Next, we can use birdnet_gather() to grab all the formatted results from the example folder. From here, you can manipulate your results however you want to create a subset of detections that you wish to verify. The key is to subset only to a single species. In case you accidentally include multiple species in your data subset, birdnet_verify() will remind you that it only accepts one species at a time for verifications. In this example, we'll focus on verifying detections for the Swainson's Thrush (Catharus ustulatus).

You can create your verification sample however you like. A few options are to take a simple random sample, or take a stratified sample based on detections from different locations or times of day. Depending on your question, you might even want to verify every detection for your target species. In the below example, we set a seed for reproducibility and take a simple random sample of three Swainson's Thrush detections.

# Gather formatted BirdNET results
dat <- birdnet_gather(results.directory = 'example-results-directory',
                      formatted = TRUE)

# Create a random sample of three detections to verify
set.seed(4)
to.verify <- dat[common_name == "Swainson's Thrush"][sample(.N, 3)]

The next step is to create a "verification library" for this species; essentially, a character vector of acceptable options for your verification labels.
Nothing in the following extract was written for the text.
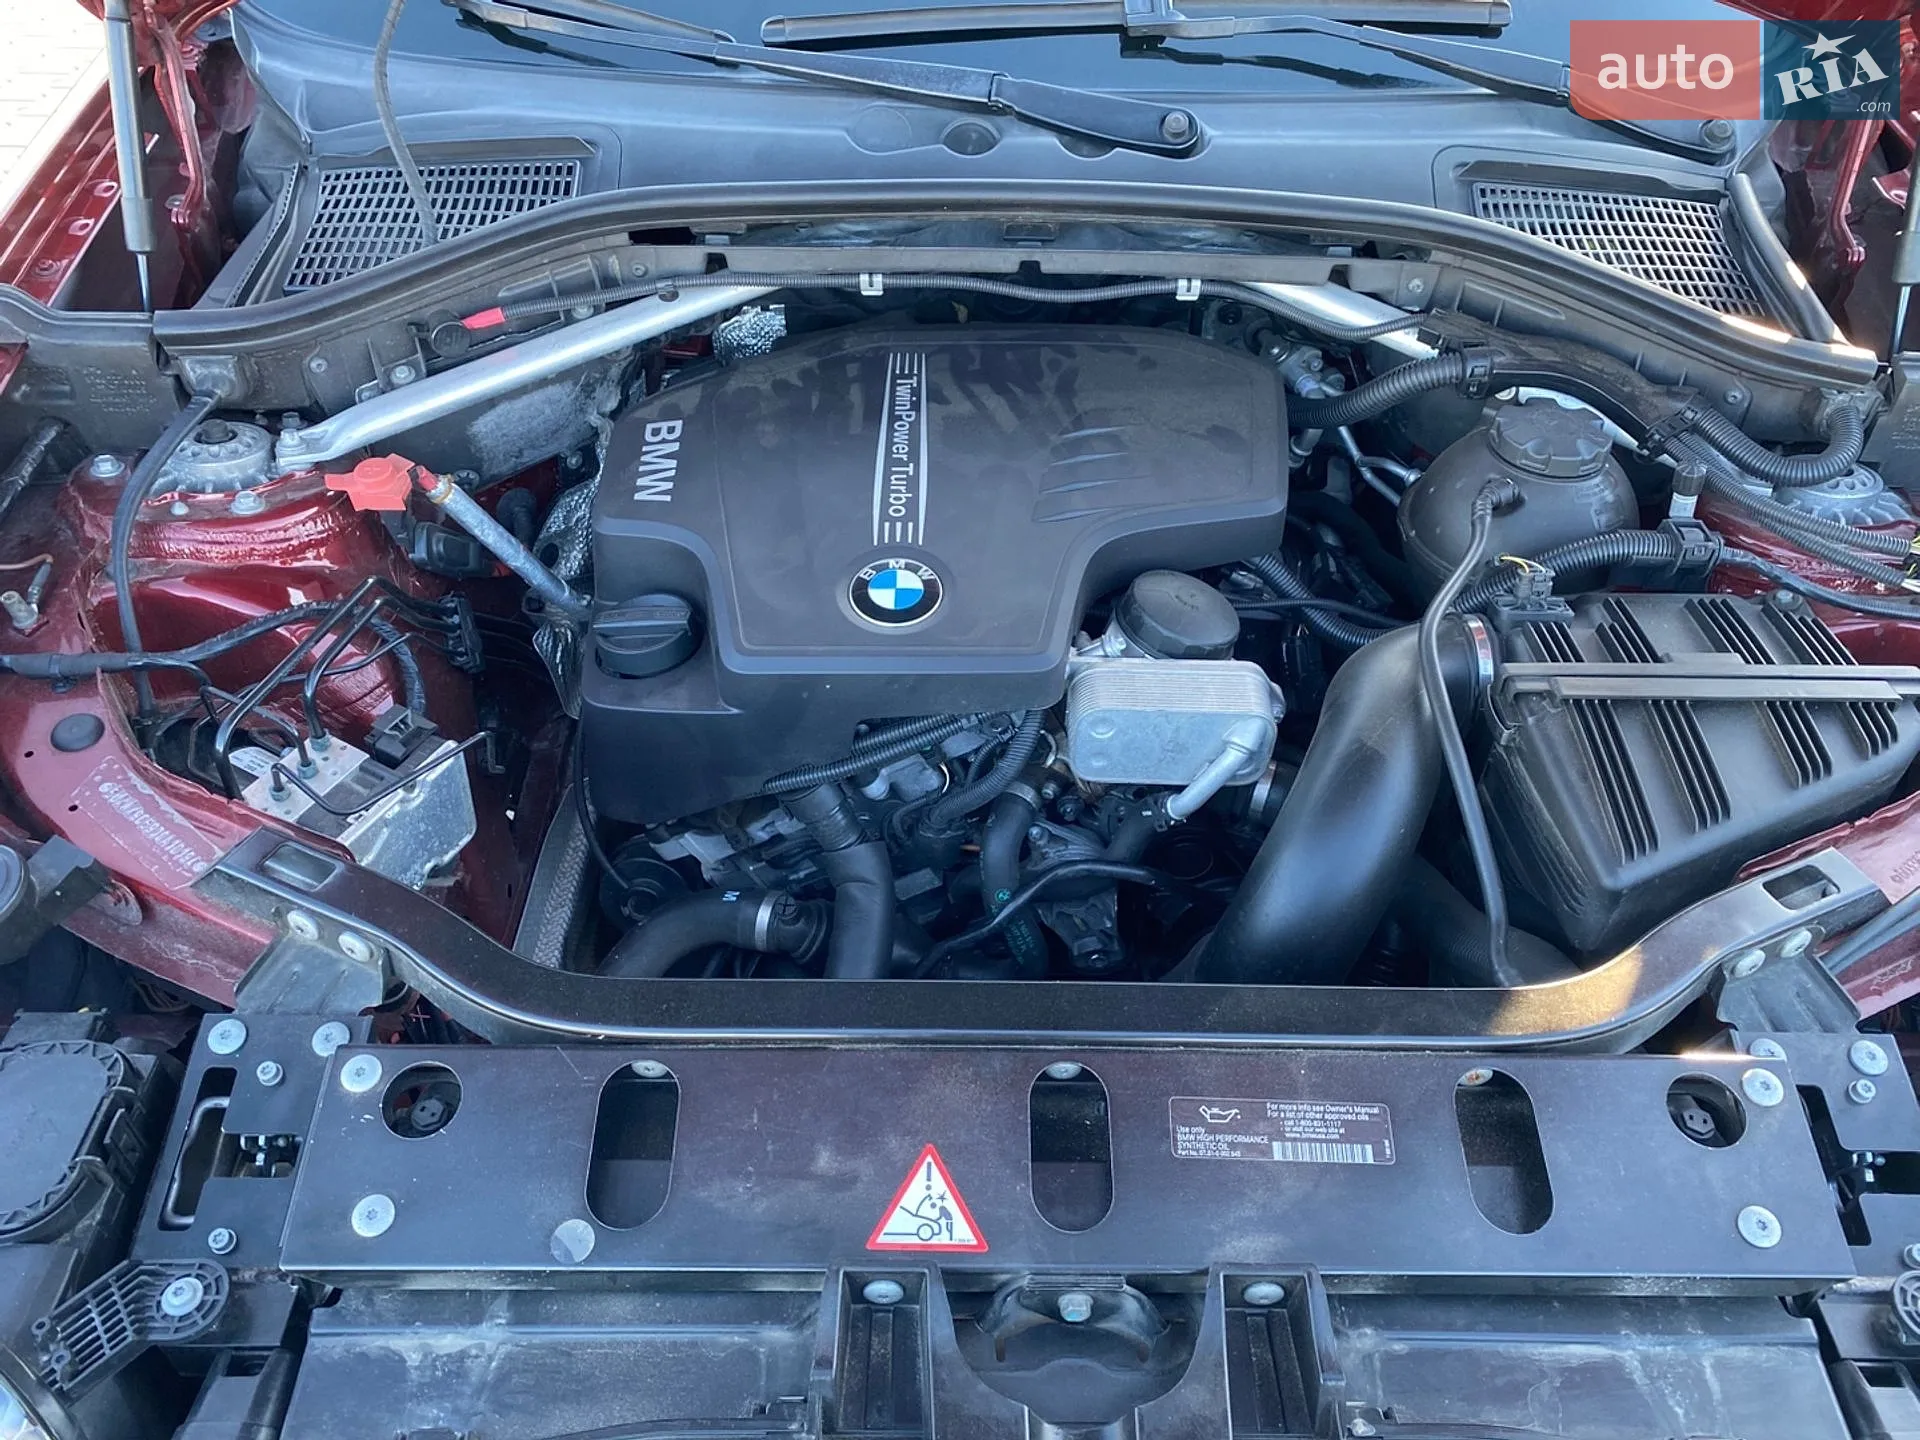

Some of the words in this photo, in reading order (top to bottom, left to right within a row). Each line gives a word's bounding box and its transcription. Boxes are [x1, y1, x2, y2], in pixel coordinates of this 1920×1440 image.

Verifying BirdNET detections may be tricky depending on your research question, because BirdNET does not distinguish between the different types of vocalizations a bird may produce. This means the burden is on you, the verifier, to label the detection in a way that will best support you in answering your motivating research question.

The Swainson's Thrush provides a good example of what makes this challenging, because in addition to its recognizable flutelike song, it has a variety of different call types, including a "peep" note, a "whit", a high-pitched "whine", a "bink", and a "peeer" call.

Thus, the verification library you set up will depend on the level of detail you need to answer your research question. Here are two examples of questions you might have as you verify:

  • Is this a Swainson's Thrush or not? For this question, you'll think to yourself, "Yes, this is my target species!" or, "No, this definitely isn't my target species", or, "I'm not sure". You might choose simple verification labels like c('y', 'n', 'unsure').
  • What type of Swainson's Thrush vocalization is this? For this question, you might choose more descriptive verification labels like c('song', 'call', 'unsure', 'false'), or something even more detailed like c('song', 'peep', 'whit', 'whine', 'bink', 'peeer', 'false', 'unsure').

This part is left to your discretion. It's one of the challenging aspects of assessing automated detection results, and you may find that you need to iterate through a few options before settling on the verification library that works best for your circumstances.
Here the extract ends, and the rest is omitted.